------ Data for processing ------

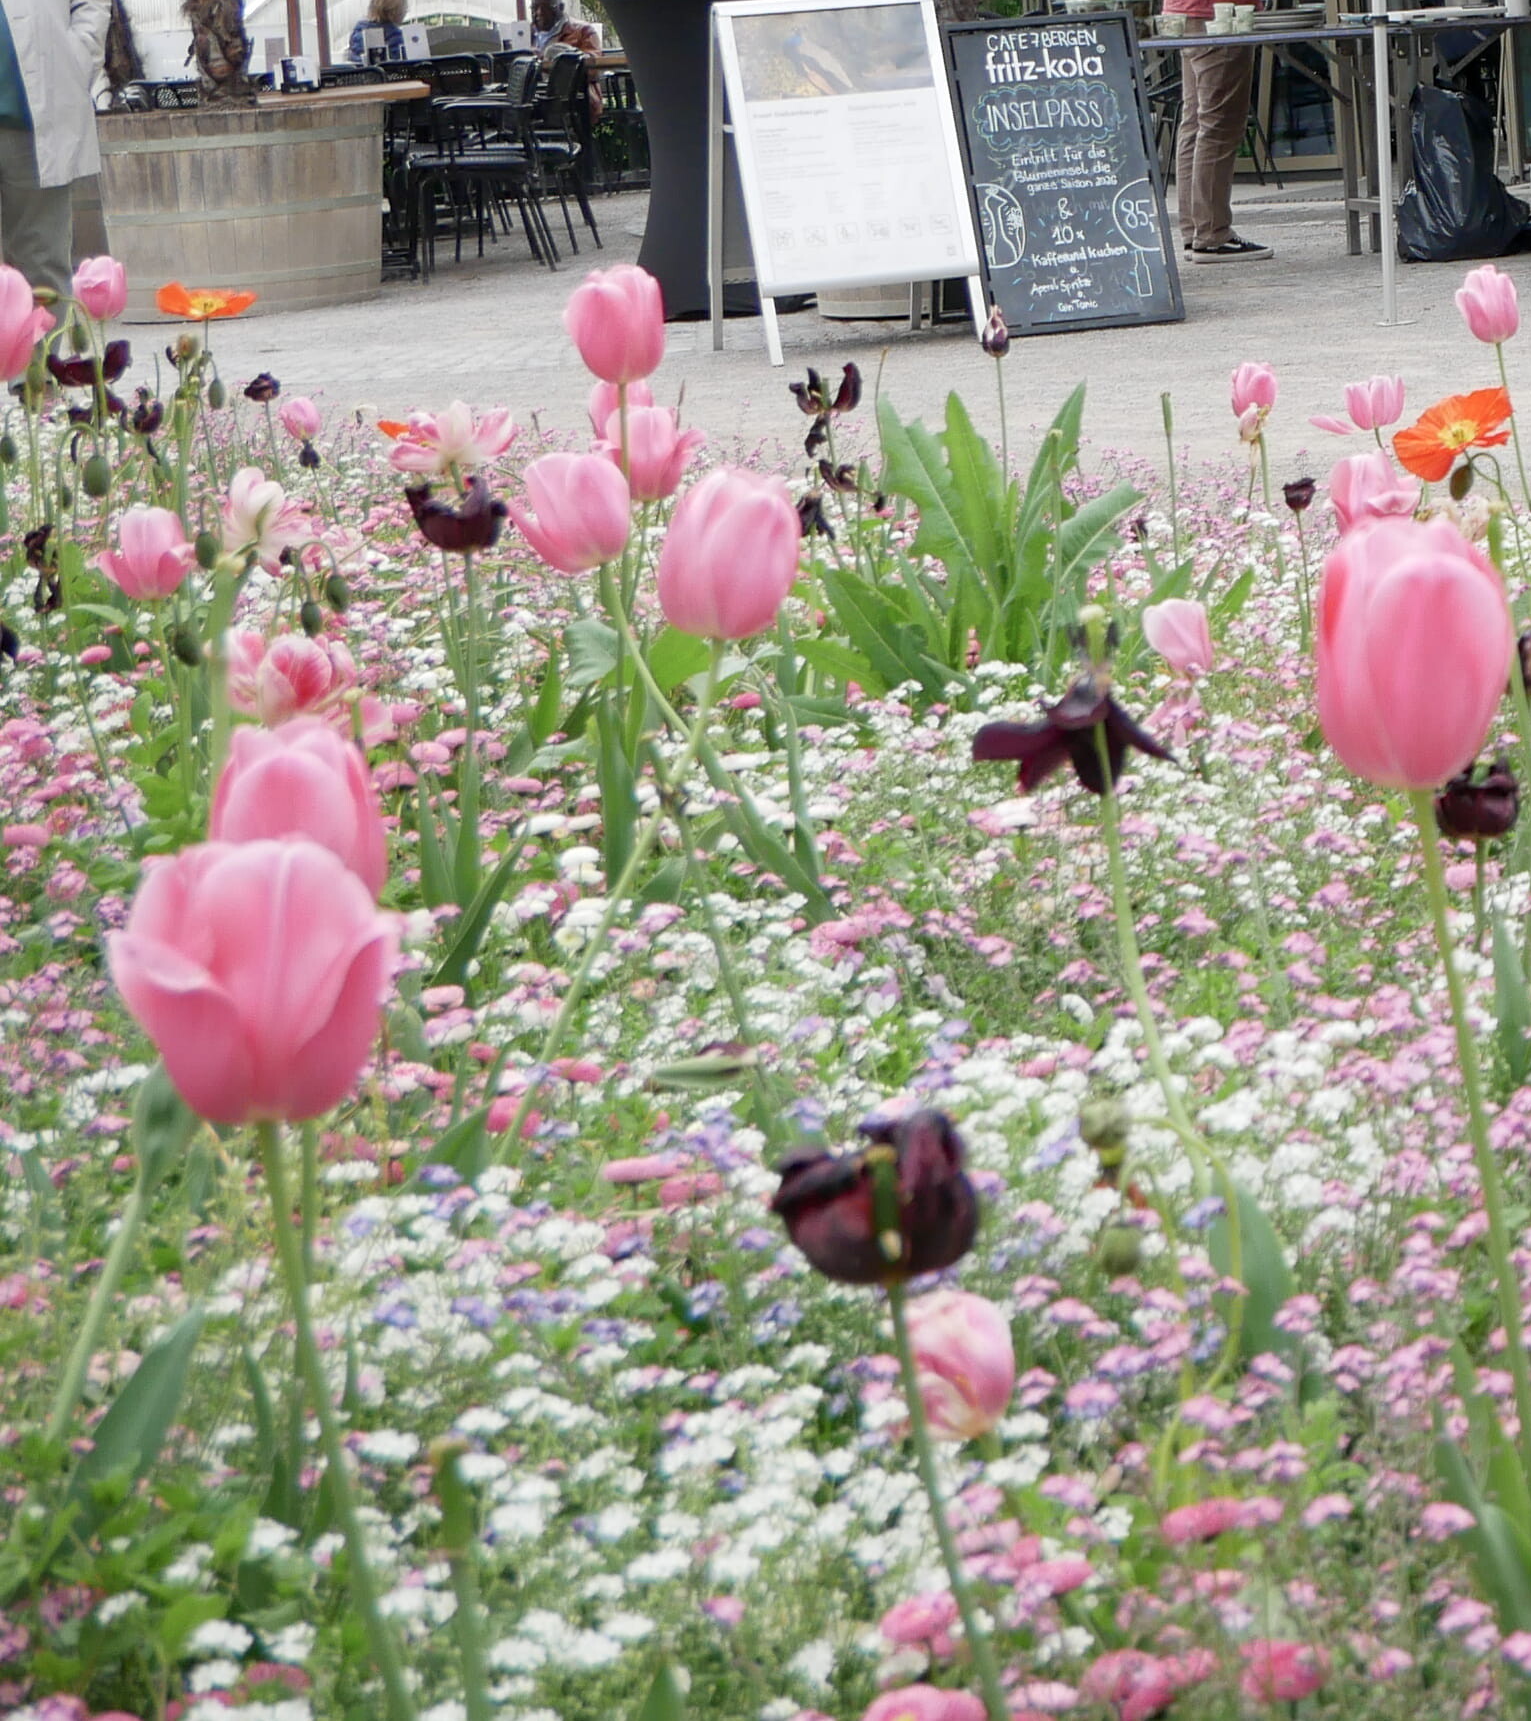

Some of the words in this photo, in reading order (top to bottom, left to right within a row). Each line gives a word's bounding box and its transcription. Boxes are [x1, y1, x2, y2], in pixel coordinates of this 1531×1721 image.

[986, 32, 1029, 52] CAFE
[1041, 29, 1098, 48] BERGEN
[985, 45, 1104, 84] fritz-kola
[986, 98, 1103, 133] INSELPASS
[1011, 148, 1058, 168] Eintritt
[1063, 146, 1084, 163] für
[1087, 144, 1106, 159] die
[1012, 161, 1090, 183] Blumeninsel
[1092, 160, 1111, 174] die
[1026, 180, 1058, 197] ganze
[1060, 177, 1094, 189] Saison
[1057, 197, 1074, 220] &
[1051, 224, 1075, 245] 10

------

▶ How to complete this task
Output the entries above exactly. Do not include the pictures.

▶ Task result
Some of the words in this photo, in reading order (top to bottom, left to right within a row). Each line gives a word's bounding box and its transcription. Boxes are [x1, y1, x2, y2], in pixel coordinates of this 1531×1721 image.

[986, 32, 1029, 52] CAFE
[1041, 29, 1098, 48] BERGEN
[985, 45, 1104, 84] fritz-kola
[986, 98, 1103, 133] INSELPASS
[1011, 148, 1058, 168] Eintritt
[1063, 146, 1084, 163] für
[1087, 144, 1106, 159] die
[1012, 161, 1090, 183] Blumeninsel
[1092, 160, 1111, 174] die
[1026, 180, 1058, 197] ganze
[1060, 177, 1094, 189] Saison
[1057, 197, 1074, 220] &
[1051, 224, 1075, 245] 10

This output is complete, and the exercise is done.